Para os pecadores católicos a invenção do purgatório foi uma mão na roda. Caso não se comportassem adequadamente para merecer as delícias do paraíso também não amargariam os tormentos existentes no inferno. É mais ou menos isso que acontece a respeito da notícia de que o Brasil se tornou credor internacional pela primeira vez em toda sua História, guardando-se as devidas proporções. Não podemos desconsiderar os méritos deste feito inédito mesmo que sejamos céticos empedernidos ou ácidos opositores do governo petista ou, caso prefiram, do governo Lula. Nós somos acusados de sermos um povo desmemoriado. Não é assim, senão ao contrário. Contudo, vale lembrar, que a euforia em determinados momentos de nossas vidas pessoais, profissionais ou da nação se sobrepõe a razão fazendo-nos esquecer das agruras a que fomos submetidos em passado recente. Sendo assim, precisamos e devemos nos aquietar, examinar os fatos e avaliá-los para se formar um conceito ou uma opinião sensata e conclusiva. De outra forma estaríamos agindo irresponsavelmente, levianamente, com o detestável ranço do preconceito. Acho um bom alvitre derramar um pouco de água fria na fervura dos otimistas e um pouco desta na água fria dos pessimistas e assim obteremos uma temperatura razoável.

A farra com o dinheiro do Brasil certamente não teve início com o advento da independência política em 1822, porém, agora era por nossa própria conta as venturas e desventuras da incipiente nação. Em 1824 efetivou-se o primeiro empréstimo brasileiro no exterior no valor de três milhões de libras esterlinas e, pasmem, tais recursos destinavam-se a quitar dívidas do período imediatamente anterior à Proclamação da Independência. Portanto, a ex-colônia portuguesa iria para a História sem a pecha de caloteira e o recém Império, depois a República, começaria uma longa trajetória de devedor contumaz e inadimplente inveterado. O que se fez na verdade foi um pagamento à Portugal pela compra do reconhecimento da independência. Trocando em miúdos foi um negócio de pai para filho, literalmente, e dos muitos levados a termo décadas a fora.

Com a República vieram às dívidas do Império e um país debilitado economicamente, calcado na cafeicultura e com uma organização bancária ultrapassada. Rui Barbosa (1849-1923) assume como o primeiro ministro da fazenda do novo regime em 1890 implementando um reforma bancária recheada de boas intenções, porém, que se mostrou desastrosa criando a primeira e uma das mais severas crises econômicas brasileiras. O raio da mania de importar estrangeirices, notadamente dos Estados Unidos, prática que, aliás, ainda persiste, fez erudito baiano entrar para a escola monetarista que ensinava a livre emissão de créditos monetários com o objetivo de incrementar a industrialização e desenvolver novos negócios por cá. Foi a festa dos ratos na queijaria. Os estabelecimentos bancários distribuíam empréstimos livres, leves e soltos para qualquer um sem se dar ao luxo de, pelo menos, verificar sua capacidade de pagamento.

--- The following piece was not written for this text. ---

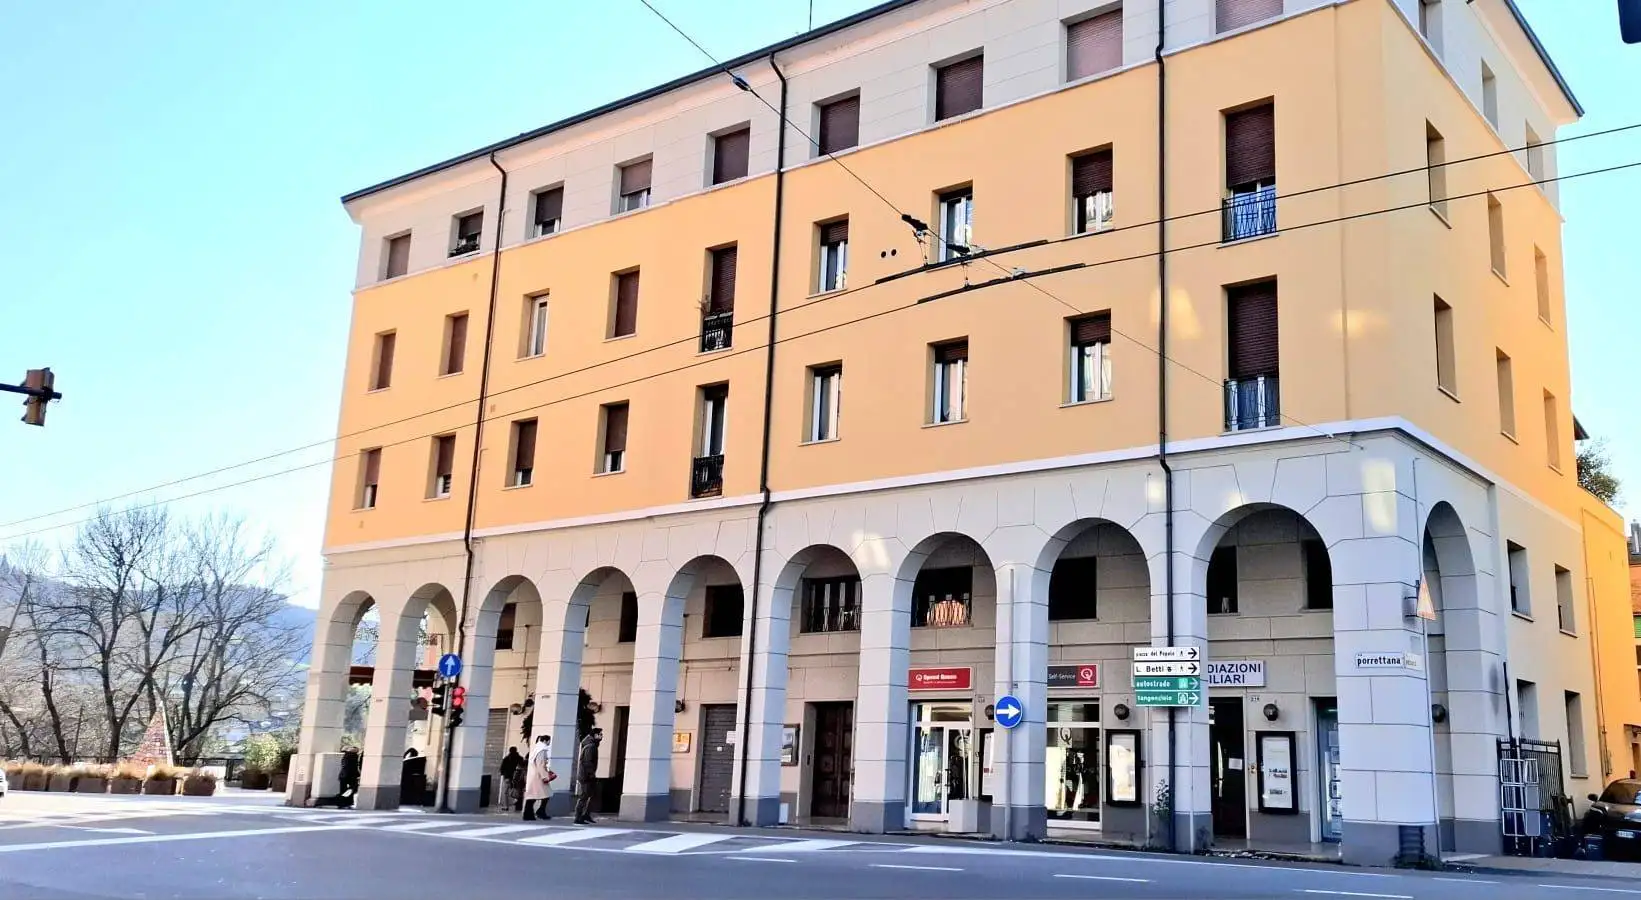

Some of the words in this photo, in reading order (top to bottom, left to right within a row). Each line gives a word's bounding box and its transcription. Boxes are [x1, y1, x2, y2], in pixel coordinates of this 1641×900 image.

[1357, 656, 1401, 668] porrettana
[1207, 663, 1261, 673] DIAZIONI
[1209, 674, 1245, 684] ILIARI

Foi o sinal para o Encilhamento (arriar, equipar o cavalo, preparando-se para a corrida). Alguém teria que financiar este estupendo volume de empréstimos e ai é que entra o bom e velho governo brasileiro injetando somas formidáveis na economia desvalorizando a moeda e fomentando a inflação. Tais empréstimos fornecidos pelos bancos, na vasta maioria das vezes, sequer eram utilizados para os fins a que se destinavam e quando o eram os estabelecimentos industriais ou comerciais tinham pouca vida. Porém, havia o fenômeno de permanecerem suas ações à venda na Bolsa de Valores e até com significativas valorizações. Era a tão odiosa especulação financeira que surgira acompanhada de empresas inexistentes e outras manhas comprometendo a República que se instalava. Rui Barbosa manteve-se no cargo por 14 meses e a lambança começou a ser sanada pelo presidente Campos Salles da maneira menos engenhosa possível: pedir mais empréstimos. No entanto, os banqueiros europeus negavam-se a concedê-los visto o alto grau de endividamento que já havíamos atingido. A solução foi efetivar uma negociação “funding loan”. As dívidas reuniram-se em uma única e o governo receberia o empréstimo pleiteado com treze anos para pagar e com juros a serem pagos a partir do terceiro ano.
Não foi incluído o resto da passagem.